7 New Year’s Resolutions for Runners—and how to keep them
As 2023 rolls to a close, it’s time to start thinking about setting goals for the year ahead. Not sure what to do? No problem. We've compiled a list of seven resolutions every runner needs.
1. Create a consistent running plan.
Consistency is key to improving fitness and sticking with something. While sure, you’ll experience some fitness gains from running haphazardly, lasting and life-changing benefits come about after developing a healthy habit.
2. Train with a group
We’re stronger together. As a brand dedicated to growing community, we understand first-hand the importance of finding your people. And when it comes to training, it turns out there’s science to back it.
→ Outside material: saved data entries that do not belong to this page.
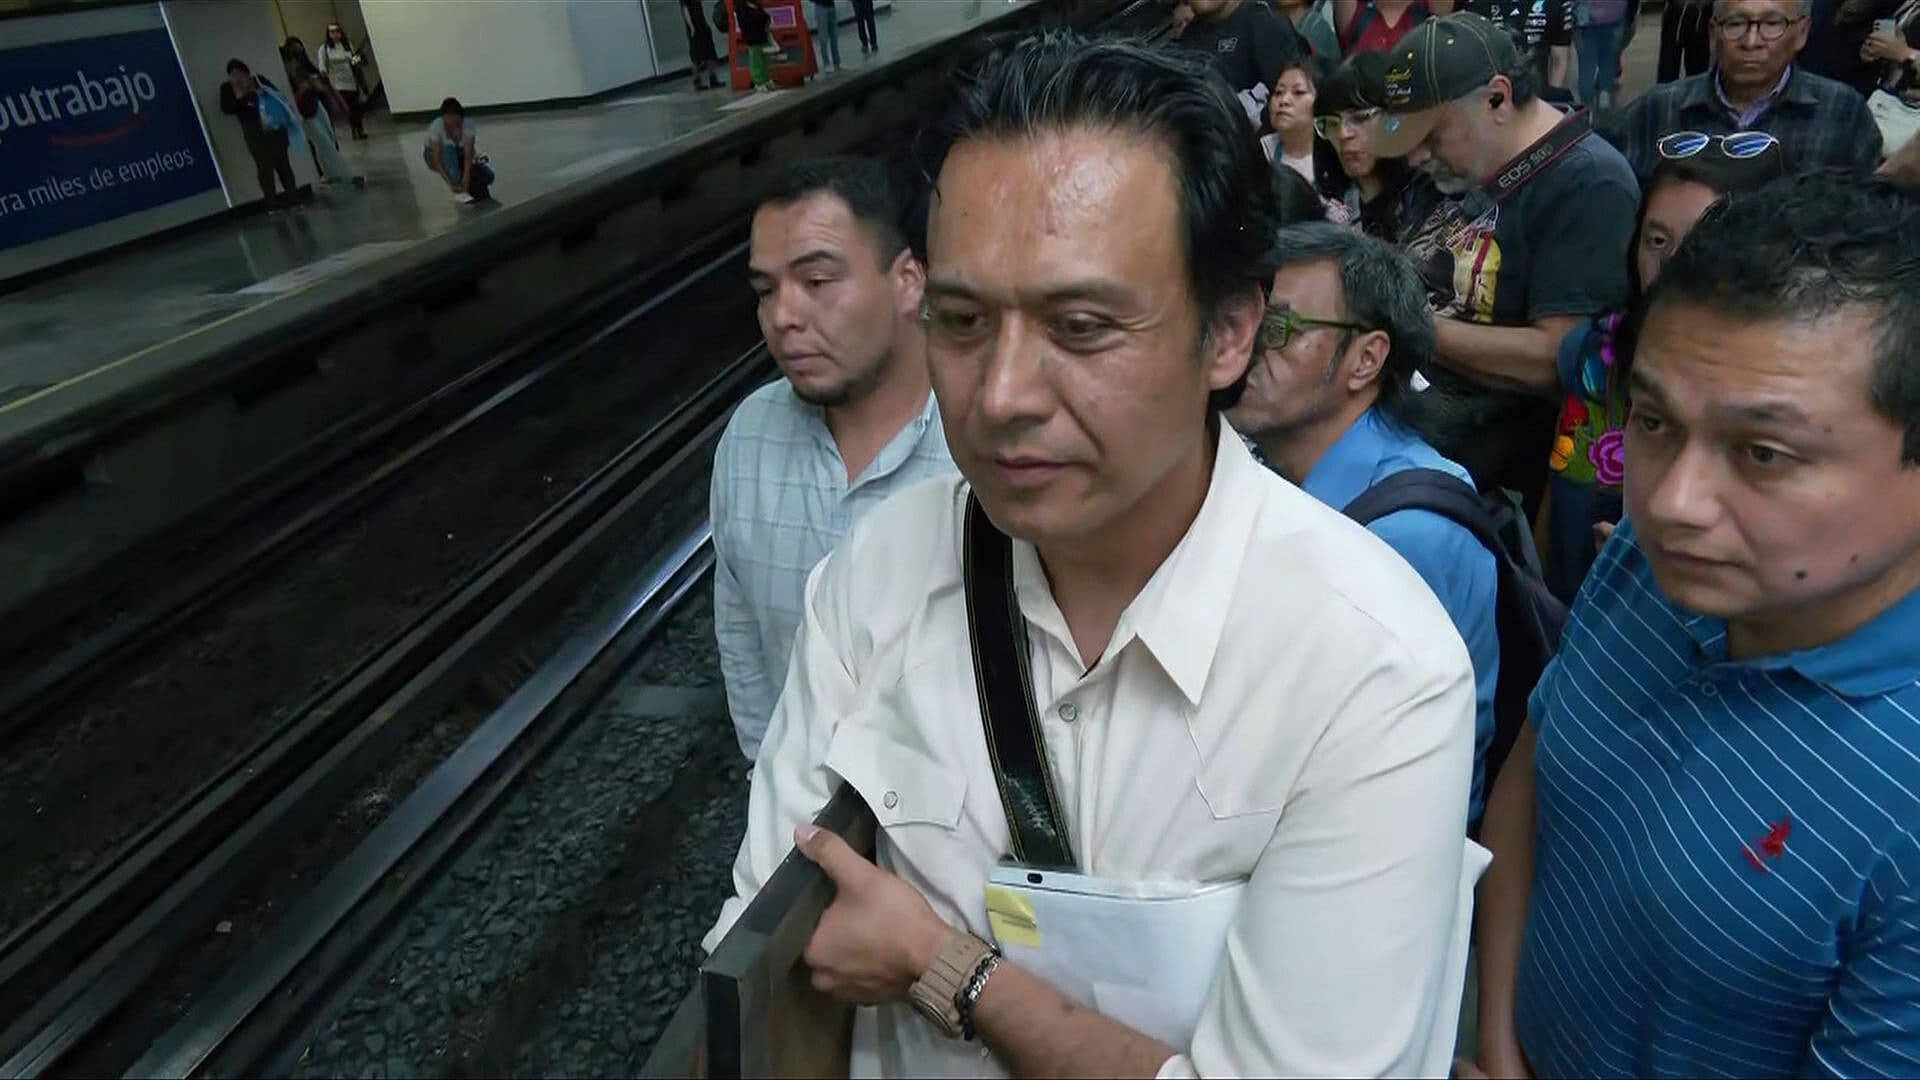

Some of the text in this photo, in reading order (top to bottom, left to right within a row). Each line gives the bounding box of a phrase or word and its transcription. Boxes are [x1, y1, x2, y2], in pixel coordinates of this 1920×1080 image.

[28, 177, 86, 206] miles
[89, 168, 115, 190] de
[118, 148, 194, 181] empleos
[1498, 160, 1531, 188] EOS
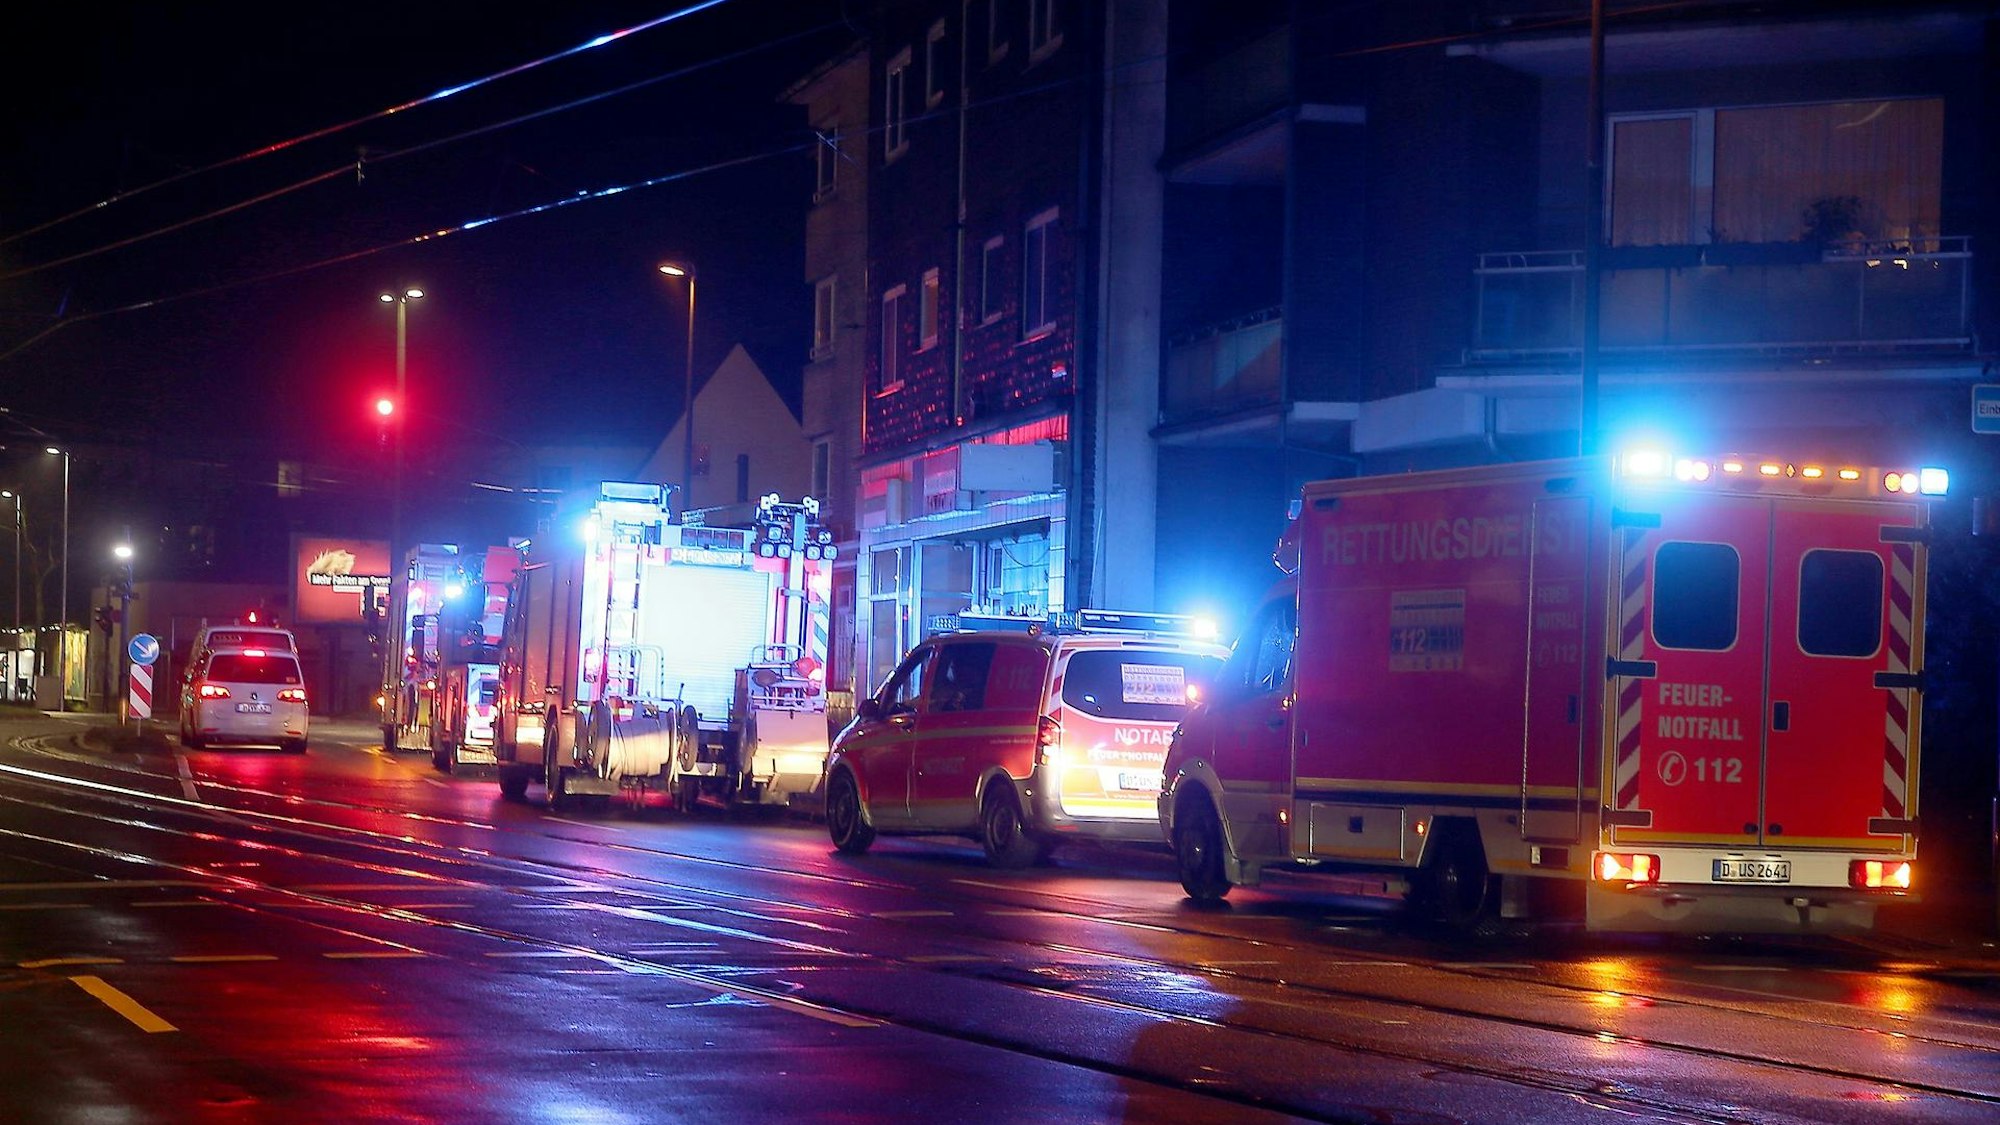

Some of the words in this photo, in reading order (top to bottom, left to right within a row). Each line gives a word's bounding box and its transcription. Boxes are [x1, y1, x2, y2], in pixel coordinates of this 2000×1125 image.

[1322, 513, 1577, 566] RETTUNGSDIENST
[1659, 683, 1733, 708] FEUER-
[1658, 716, 1743, 741] NOTFALL
[1694, 758, 1742, 783] 112
According to a recent study, when you work out with a group, your levels of emotional, mental, and physical stress are much lower than they would be if you worked out alone.
Training with a group can also be more fun.
Many running groups offer social runs like a weekly pub run, run n’ brunch, or run + coffee. If your local run club doesn’t have social runs, start your own! This will keep training fresh and interesting, so you’re more likely to stick to it.
3. Incorporate strength work
Running is a repetitive forward motion. Without incorporating a balanced strength-training plan, it’s easy to experience muscular imbalance and injury. But weight training doesn’t always mean throwing around heavy weights in the gym. A group fitness class might be exactly what you need, instead.
4. Start a meditation practice
We promise we’re not getting woo-woo on you. But seriously, meditation will make you a better runner (and a better person, too). That's because meditation helps you to de-stress, cultivate compassion, and feel calmer and more in tune with the present moment. When it comes to running, meditation also helps you manage pain. Meditate your way to a new PR? Maybe so!
5. Set a race goal
If you want to accomplish your goals, you need to set specific, measurable, attainable, realistic, and time-focused goals. We recommend setting a PR goal in a race distance you’ve already completed and then setting a new distance goal for later in the year. Perhaps you’re shooting to break your 5K PR in the spring and then working to complete a half marathon in the fall.
6. Stretch every day
We’ve written about the balance of strength to flexibility before. But we’ll say it again and again because it’s that important. Incorporating a few key stretches after every workout will help to keep you injury-free.
7. Perform self-massage after every hard run
Massage feels good and helps us recover faster by improving circulation, decreasing inflammation, and reducing muscle tightness. Spending five to 10 minutes after each workout with the foam roller or massage tool can break up muscle knots and adhesions, keeping muscle fibers aligned.